Daniel Taylor, 20, sells a range of clothing through a website with the logo FEED. Twenty per cent of profits go to Oxfam and already £500 has been raised for the charity since the business launched at the start of this month.
Daniel, who lives in Denton, has designed the website himself and deals with all the sales.
He is delighted with the success of the website so early on.
He said: “It’s phenomenal. We had a six month goal and we have raised that amount already.”
Daniel combines his full-time job as store manager for Clinton Cards in Grantham with the website. Aged 20, he is the youngest manager for the company in the country.
Daniel said: “Admittedly it’s been a struggle to balance both, but this has been a huge success, much more than I thought it would be. The custom in Grantham itself has been very good.
“My grandad used to contribute to Oxfam a lot and we talked about it. He passed away recently and I wanted to pass on that legacy as I have a great deal of interest in it. I find the whole thing fascinating as well as heart-breaking at the same time.
“The message is all about anti-poverty. That is massively important to us.”
Daniel, a former pupil of Sir William Roberston Academy, began setting up the business last June. It was a natural extension of his interest, not only in charitable causes, but also clothing.
He said: “I have always been fascinated by clothes. I found a supplier in the United States called Threadbird who make our clothing from scratch and it was very important to be environmentally friendly.

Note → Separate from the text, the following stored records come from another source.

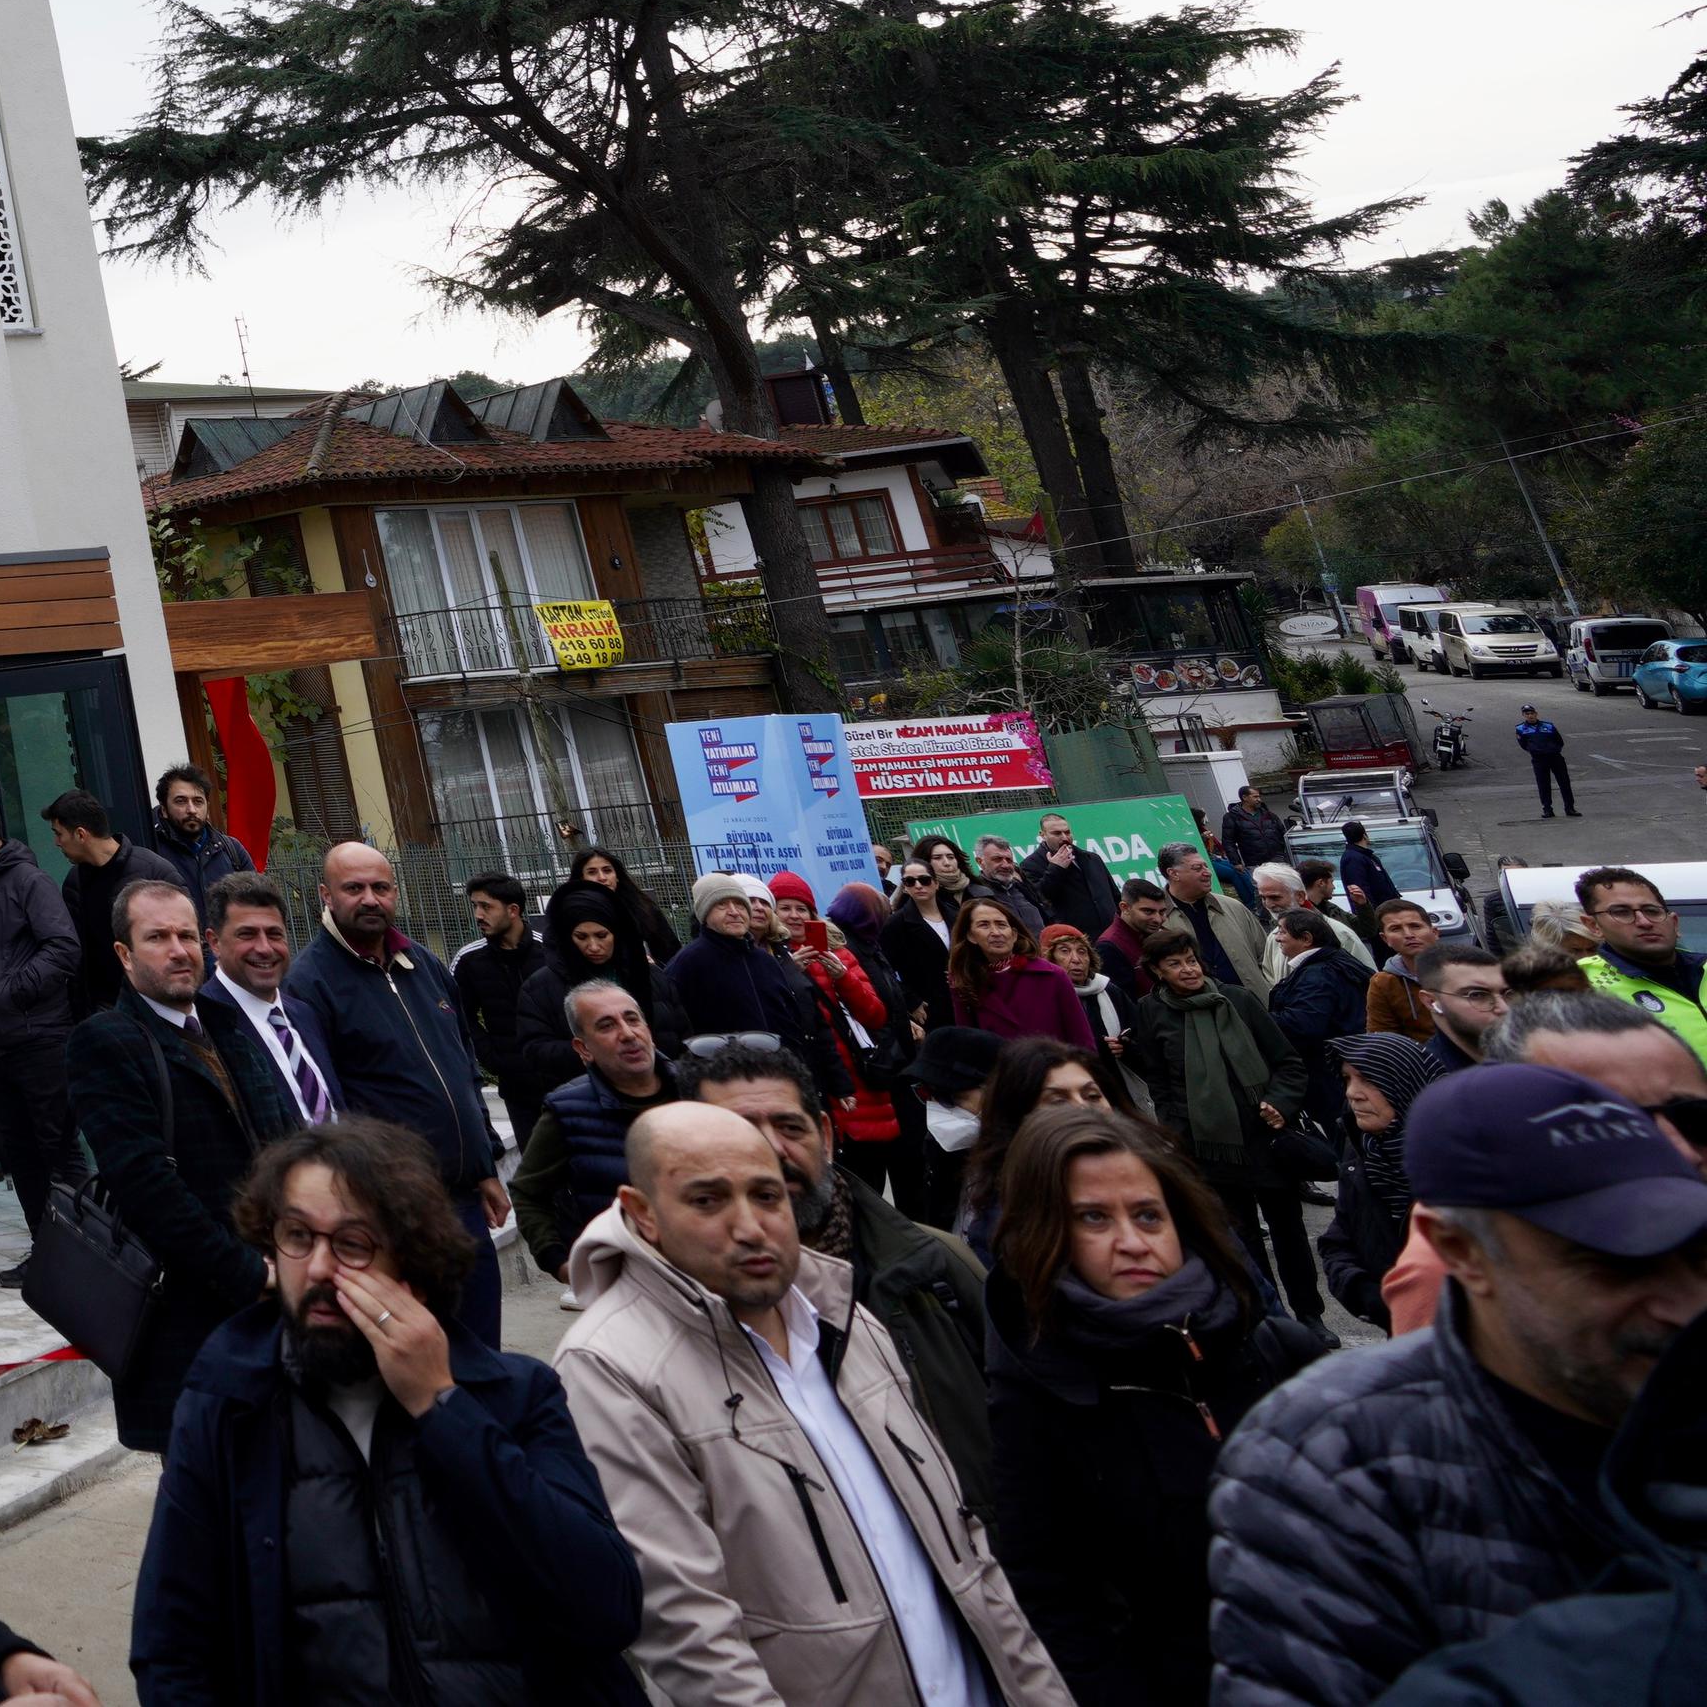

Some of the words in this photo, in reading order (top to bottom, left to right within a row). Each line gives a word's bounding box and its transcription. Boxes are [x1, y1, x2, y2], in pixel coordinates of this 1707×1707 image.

[537, 604, 586, 624] KAPTAN
[559, 639, 586, 651] 418
[589, 638, 605, 649] 60
[608, 638, 622, 649] 88
[564, 653, 592, 666] 349
[595, 652, 608, 663] 18
[611, 652, 622, 662] 00
[845, 729, 875, 742] Güzel
[879, 728, 893, 739] Bir
[896, 724, 933, 739] NİZAM
[704, 746, 757, 760] YATIRIMLAR
[849, 743, 879, 757] estek
[881, 742, 922, 756] Sizden
[924, 739, 968, 753] Hizmet
[971, 737, 1012, 750] Bizden
[853, 761, 877, 773] İZAM
[879, 757, 936, 771] MAHALLESİ
[937, 756, 978, 768] MUHTAR
[980, 755, 1010, 765] ADAYI
[869, 769, 943, 790] HÜSEYİN
[948, 769, 993, 788] ALUÇ
[713, 781, 757, 794] ATILIMLAR
[726, 829, 774, 844] BÜYÜKADA
[764, 847, 776, 859] VE
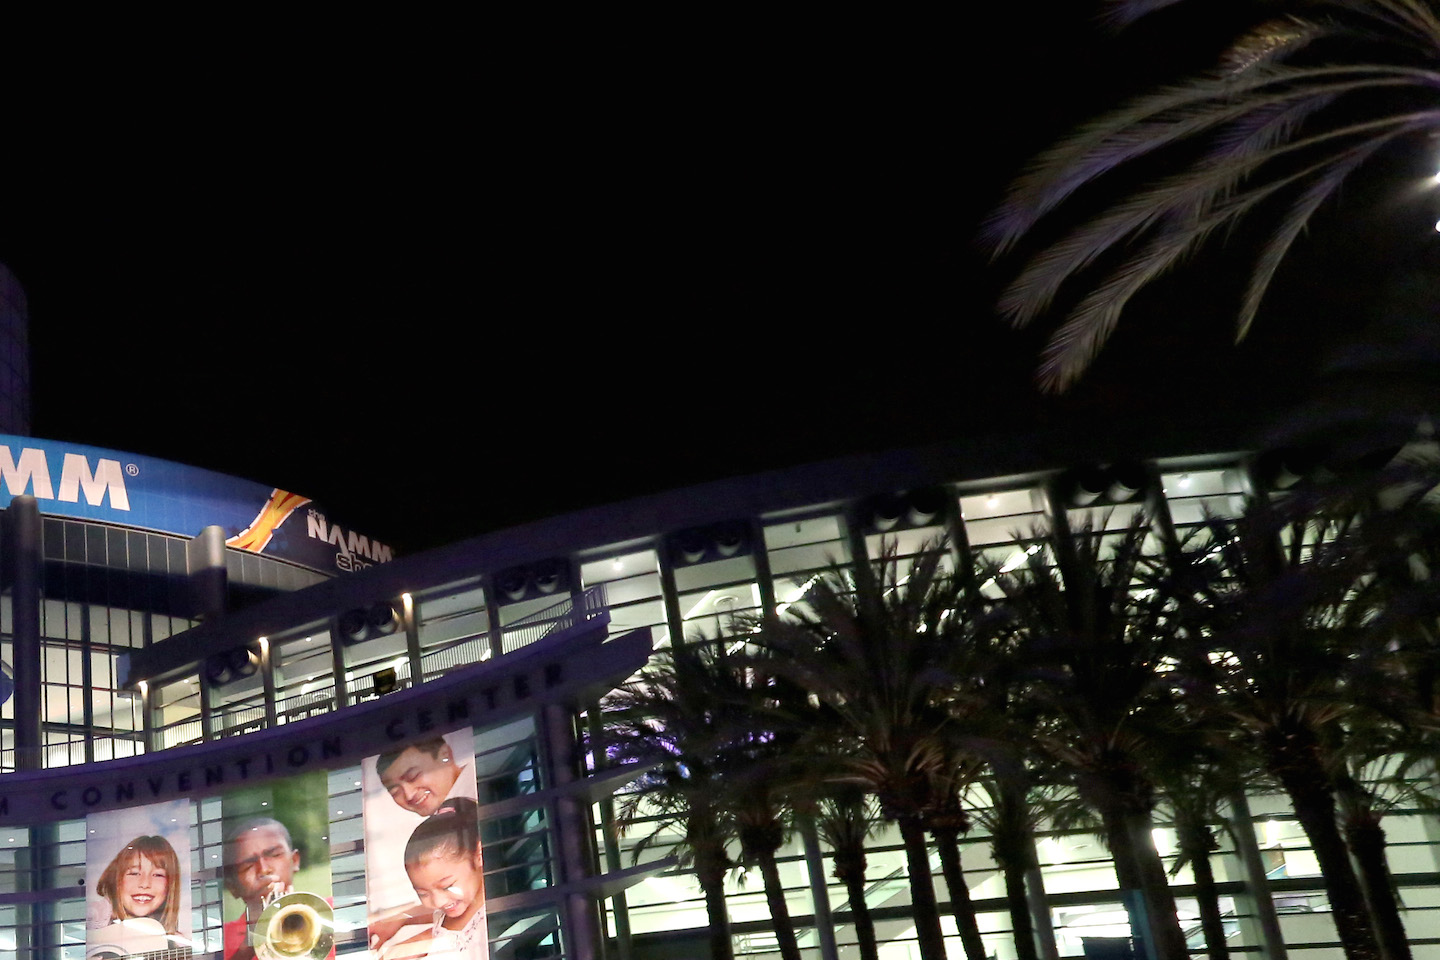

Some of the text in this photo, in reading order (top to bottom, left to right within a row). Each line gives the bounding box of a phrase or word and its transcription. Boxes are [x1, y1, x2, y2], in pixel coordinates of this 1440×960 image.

[307, 515, 393, 563] NAMM
[51, 737, 343, 811] CONVENTION
[386, 663, 562, 741] CENTER
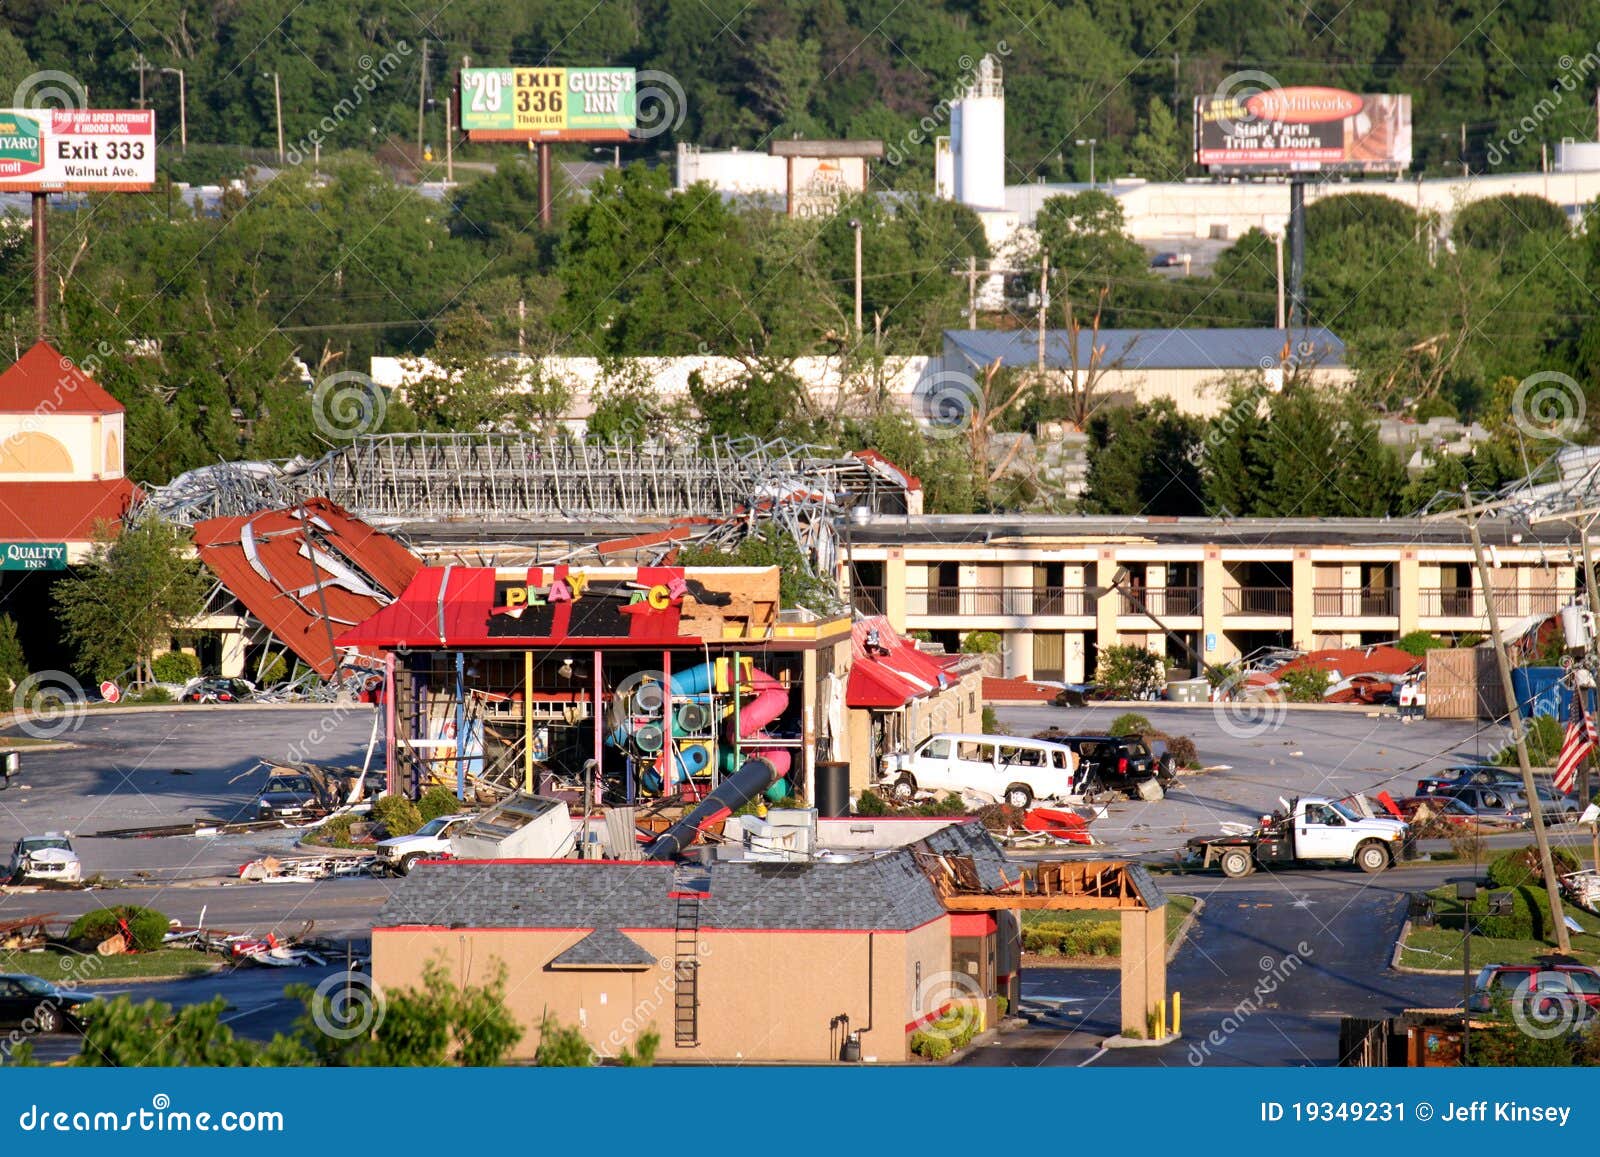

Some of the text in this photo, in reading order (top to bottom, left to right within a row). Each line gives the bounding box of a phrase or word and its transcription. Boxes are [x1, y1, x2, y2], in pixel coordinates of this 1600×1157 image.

[516, 73, 564, 87] EXIT
[569, 73, 633, 93] GUEST
[517, 90, 563, 112] 336
[584, 92, 619, 113] INN
[1281, 96, 1353, 111] Millworks
[517, 115, 542, 124] Then
[110, 123, 129, 133] POOL
[1234, 122, 1310, 137] Stair Parts
[1224, 135, 1321, 149] Trim & Doors
[58, 141, 145, 160] Exit 333
[64, 166, 138, 177] Walnut Ave.
[24, 560, 47, 568] INN
[506, 571, 587, 608] PLAY
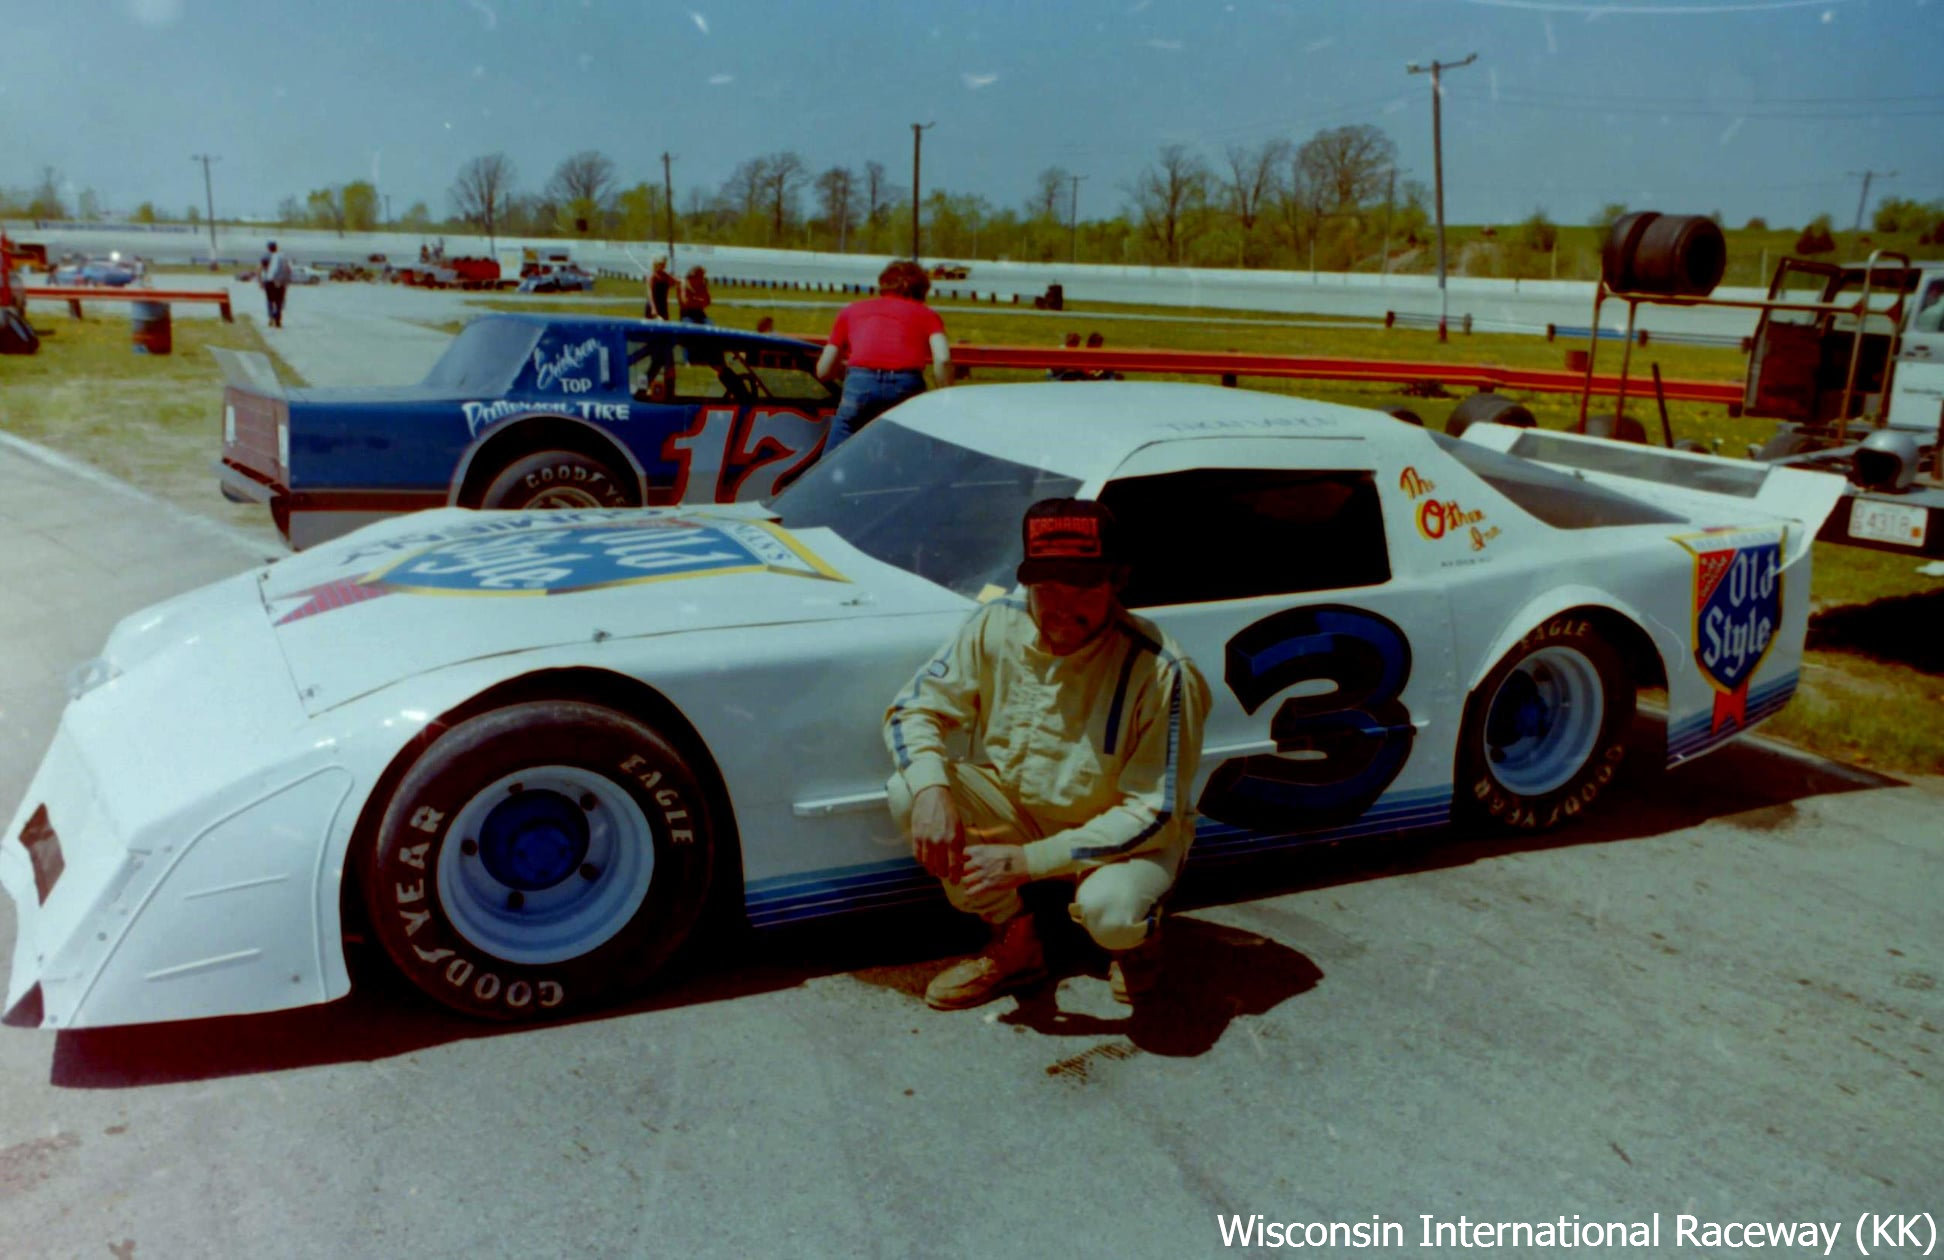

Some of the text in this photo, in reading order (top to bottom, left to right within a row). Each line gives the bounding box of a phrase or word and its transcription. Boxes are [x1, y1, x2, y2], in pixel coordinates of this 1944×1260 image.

“But I want to push this as far as I can. I wasn’t expecting this to take off as much as it has but I ant to progrss FEED further and we are looing to get the clothes into shops. It would be great to get them into some high street retailers.”
Daniel will soon move on to manage another Clinton Cards store in High Cross in Leicester.
And he still gets a kick out of business. Recently walking down the street in Nottingham, he saw someone wearing a FEED T-shirt.
“It was one of the most satisfying moments! It gives you a massive sense of achievement,” he said.